In the first place we need to mount our ubuntu iso. Depending if you have the .iso file or the CD, there is 2 different ways of mounting it.

3.1.1. Mounting from the CD

People using Ubuntu or any other user-friendly distro, might just have to insert the cd and it will be mounted automatically.

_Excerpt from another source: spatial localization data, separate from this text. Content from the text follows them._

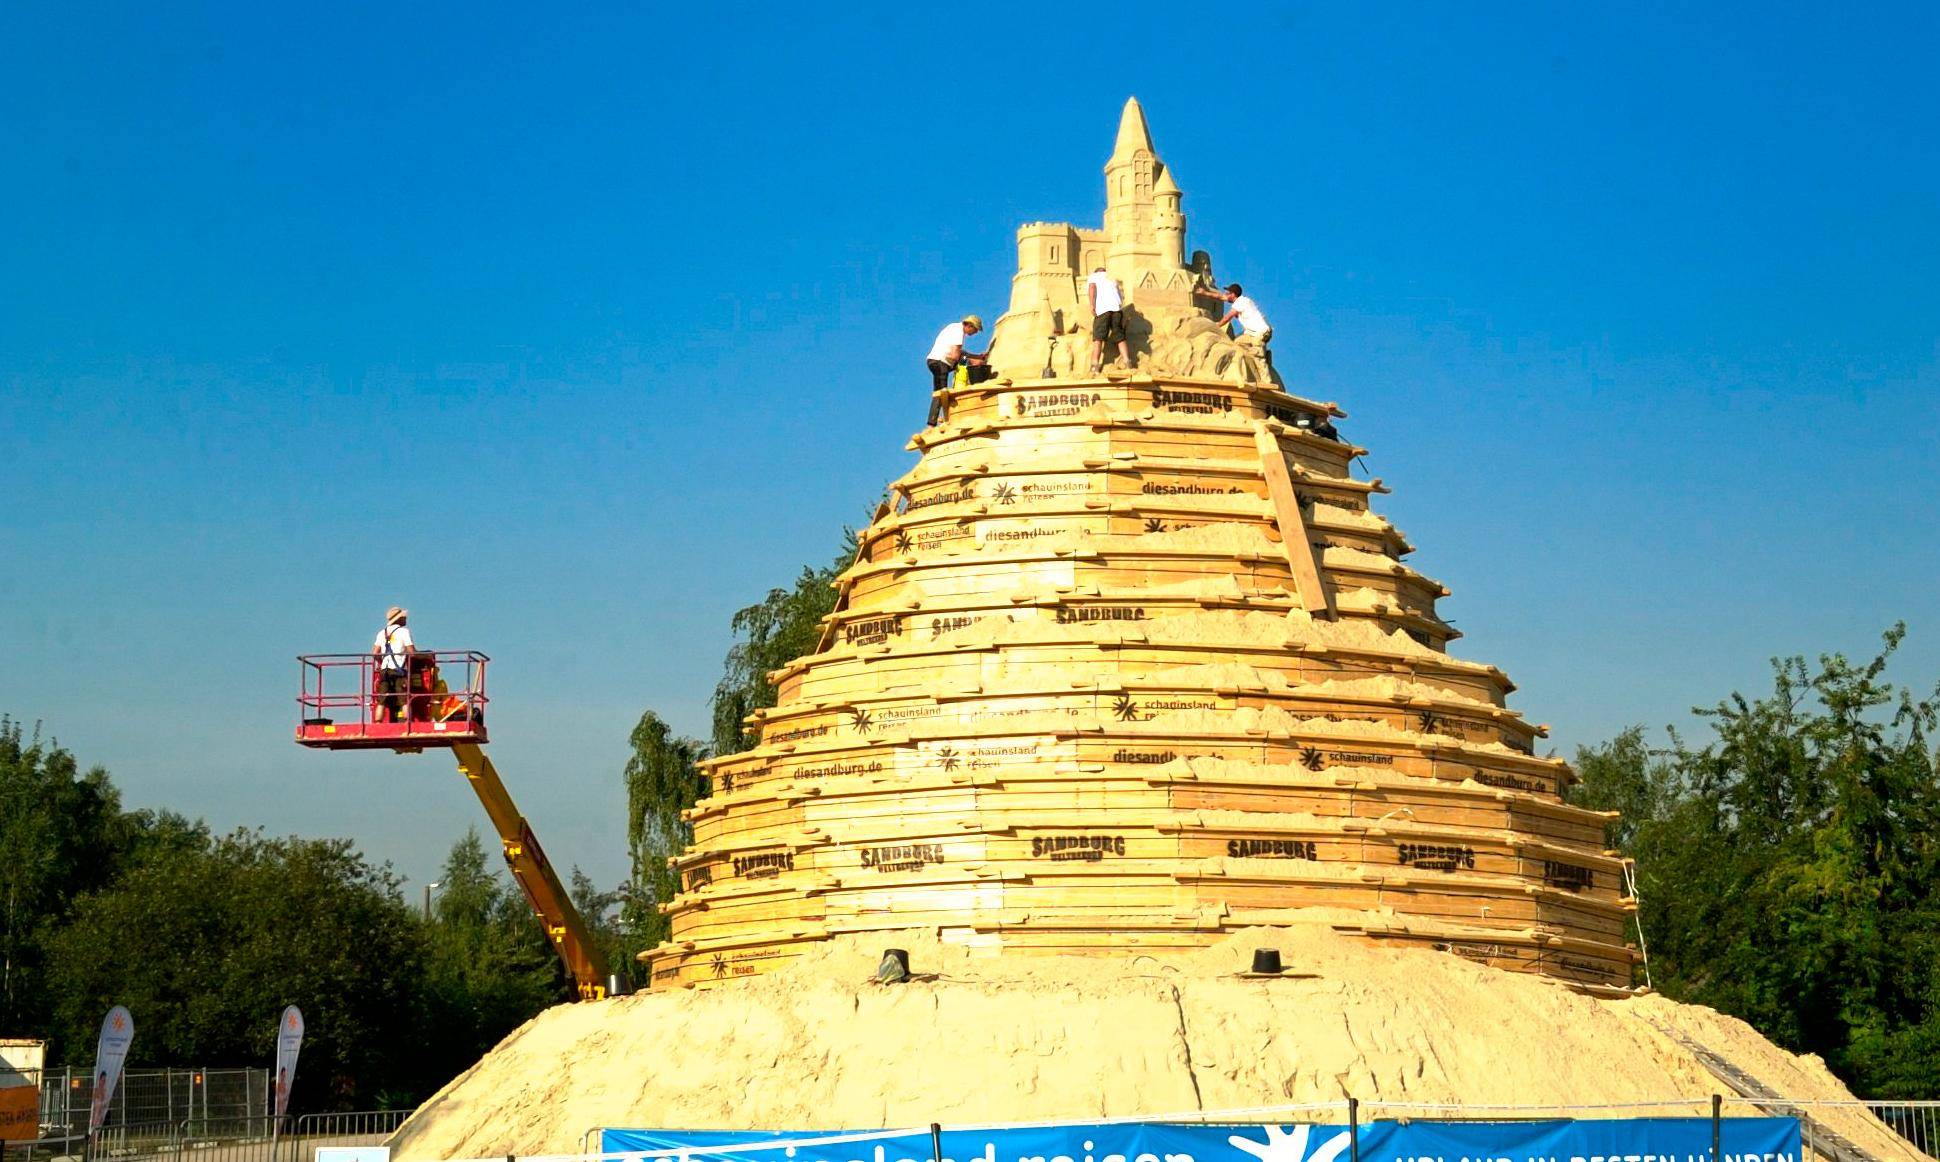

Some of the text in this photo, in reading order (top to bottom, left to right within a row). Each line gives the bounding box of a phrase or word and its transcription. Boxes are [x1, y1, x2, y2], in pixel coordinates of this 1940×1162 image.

[846, 615, 903, 644] SANDBURG
[878, 706, 941, 719] schauinsland
[1329, 752, 1394, 765] schauinsland
[793, 761, 883, 780] diesandburg.de
[861, 844, 944, 869] SANDBURG
[1032, 836, 1126, 857] SANDBURG
[1227, 840, 1317, 861] SANDBURG
[1399, 844, 1475, 869] SANDBURG
[734, 852, 795, 877] SANDBURG

If this is not the case:

$ sudo mount /media/cdrom

should mount it.

3.1.2. Mounting from an .iso image file

We will need to create a temporary directory, let say /tmp/ubuntu-livecd and then mount our iso (I will be using a feisty fawn iso).

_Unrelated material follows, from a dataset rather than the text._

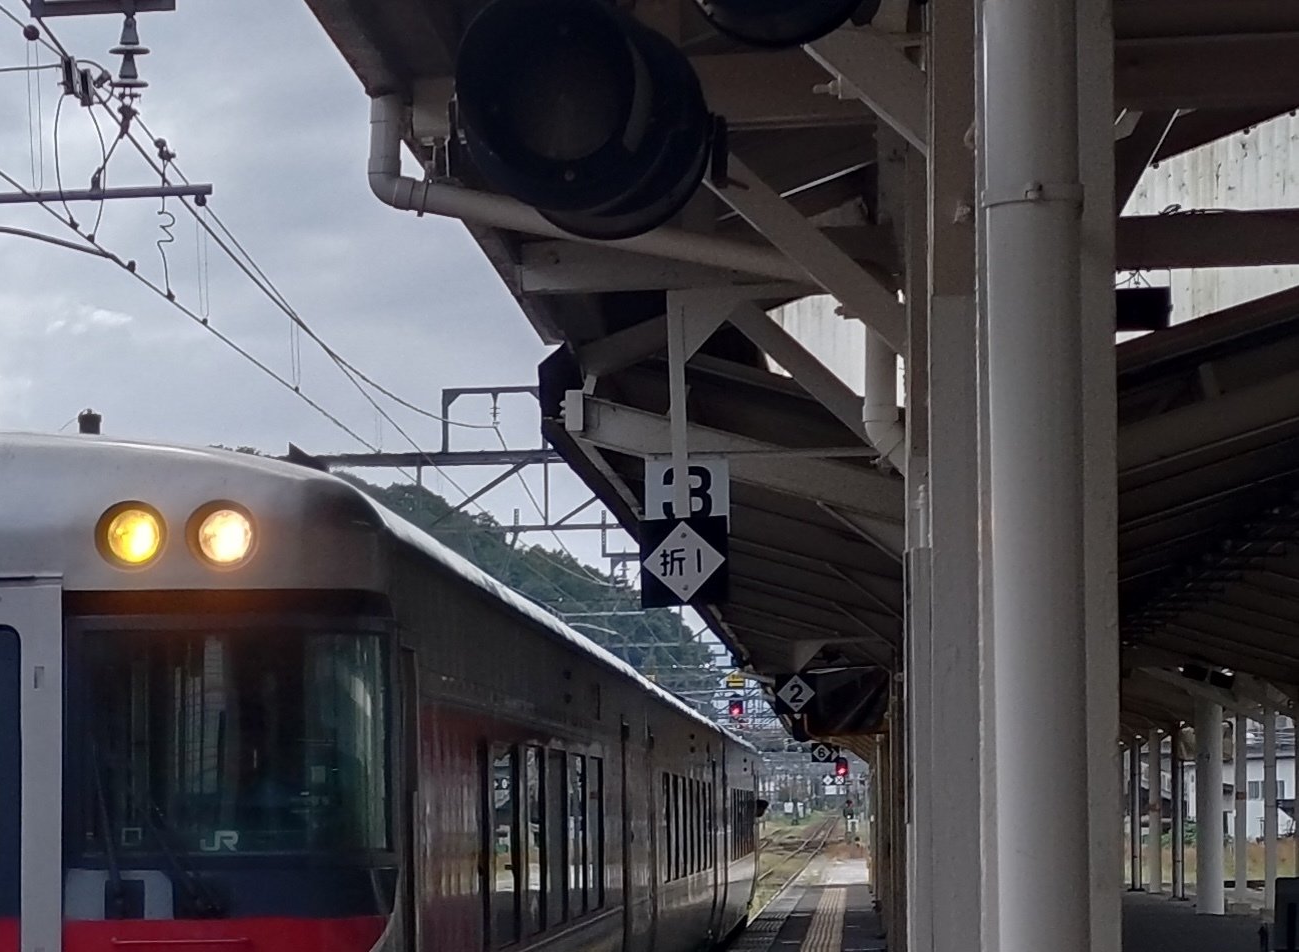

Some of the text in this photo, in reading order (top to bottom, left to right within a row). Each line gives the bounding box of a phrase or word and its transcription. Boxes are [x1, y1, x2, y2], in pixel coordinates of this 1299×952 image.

[789, 683, 804, 703] 2
[817, 747, 826, 758] 6
[200, 830, 238, 851] JR

$ mkdir /tmp/ubuntu-livecd
$ sudo mount -o loop /path/to/feisty-desktop-i386.iso /tmp/ubuntu-livecd

Once the cd image is ready, it is time to mount the newly created usb bar partitions:

3.2. Mounting the usb bar partitions

Same here, you might be able to get both your partition by simply replugging the usb pendrive, partition might appears as: /media/liveusb and /media/casper-rw. If this is not the case, then you will need to mount them manually:

$ mkdir /tmp/liveusb
$ sudo mount /dev/sdb1 /tmp/liveusb

All the partitions we need are now mounted, let's copy the files.

3.3. Copying the files to the usb bar

Let positionned yourself on the CD image directory (in my case: /tmp/ubuntu-livecd , but it might be /media/cdrom , and copy at the root of your usb first partition:

  • the directories: 'casper', 'disctree', 'dists', 'install', 'pics', 'pool', 'preseed', '.disk'
  • The content of directory 'isolinux'
  • and files 'md5sum.txt', 'README.diskdefines', 'ubuntu.ico'
  • as well as files: 'casper/vmlinuz', 'casper/initrd.gz' and 'install/mt86plus'

$ cd /tmp/ubuntu-livecd
$ sudo cp -rf casper disctree dists install pics pool preseed .disk isolinux/* md5sum.txt README.diskdefines ubuntu.ico casper/vmlinuz casper/initrd.gz install/mt86plus /tmp/liveusb/

It might complain about symbolic links not being able to create, you can ignore this.

Now let's go to the first partition of your usb disk and rename isolinux.cfg to syslinux.cfg:

$ cd /tmp/liveusb
$ sudo mv isolinux.cfg syslinux.cfg

change /tmp/liveusb according to your settings

Edit syslinux.cfg so it looks like:

DEFAULT persistent
GFXBOOT bootlogo
GFXBOOT-BACKGROUND 0xB6875A
APPEND  file=preseed/ubuntu.seed boot=casper initrd=initrd.gz ramdisk_size=1048576 root=/dev/ram rw quiet splash --
LABEL persistent
  menu label ^Start Ubuntu in persistent mode
  kernel vmlinuz
  append  file=preseed/ubuntu.seed boot=casper persistent initrd=initrd.gz ramdisk_size=1048576 root=/dev/ram rw quiet splash --
LABEL live
  menu label ^Start or install Ubuntu
  kernel vmlinuz
  append  file=preseed/ubuntu.seed boot=casper initrd=initrd.gz ramdisk_size=1048576 root=/dev/ram rw quiet splash --
LABEL xforcevesa
  menu label Start Ubuntu in safe ^graphics mode
  kernel vmlinuz
  append  file=preseed/ubuntu.seed boot=casper xforcevesa initrd=initrd.gz ramdisk_size=1048576 root=/dev/ram rw quiet splash --
LABEL check
  menu label ^Check CD for defects
  kernel vmlinuz
  append  boot=casper integrity-check initrd=initrd.gz ramdisk_size=1048576 root=/dev/ram rw quiet splash --
LABEL memtest
  menu label ^Memory test
  kernel mt86plus
  append -
LABEL hd
  menu label ^Boot from first hard disk
  localboot 0x80
  append -
DISPLAY isolinux.txt
TIMEOUT 300
PROMPT 1
F1 f1.txt
F2 f2.txt
F3 f3.txt
F4 f4.txt
F5 f5.txt
F6 f6.txt
F7 f7.txt
F8 f8.txt
F9 f9.txt
F0 f10.txt

Woof, finally we have our usb disk almost usuable. We have a last thing to do: make the usb bootable.

3.4. Making the usb bar bootable.

in order to make our usb disk bootable, we need to install syslinux and mtools:

$ sudo apt-get install syslinux mtools

And finally unmount /dev/sdb1 and make it bootable:

$ cd
$ sudo umount /tmp/liveusb
$ sudo syslinux -f /dev/sdb1

Here we are :D , reboot, set your BIOS to boot from the usb bar and enjoy Ubuntu linux from a pendrive

4. Troubleshooting

If you are having trouble booting on the usb bar, this might be due to your MBR being corrupted. In order to fix it up, you can use lilo (I installed lilo on my box only for thid purpose).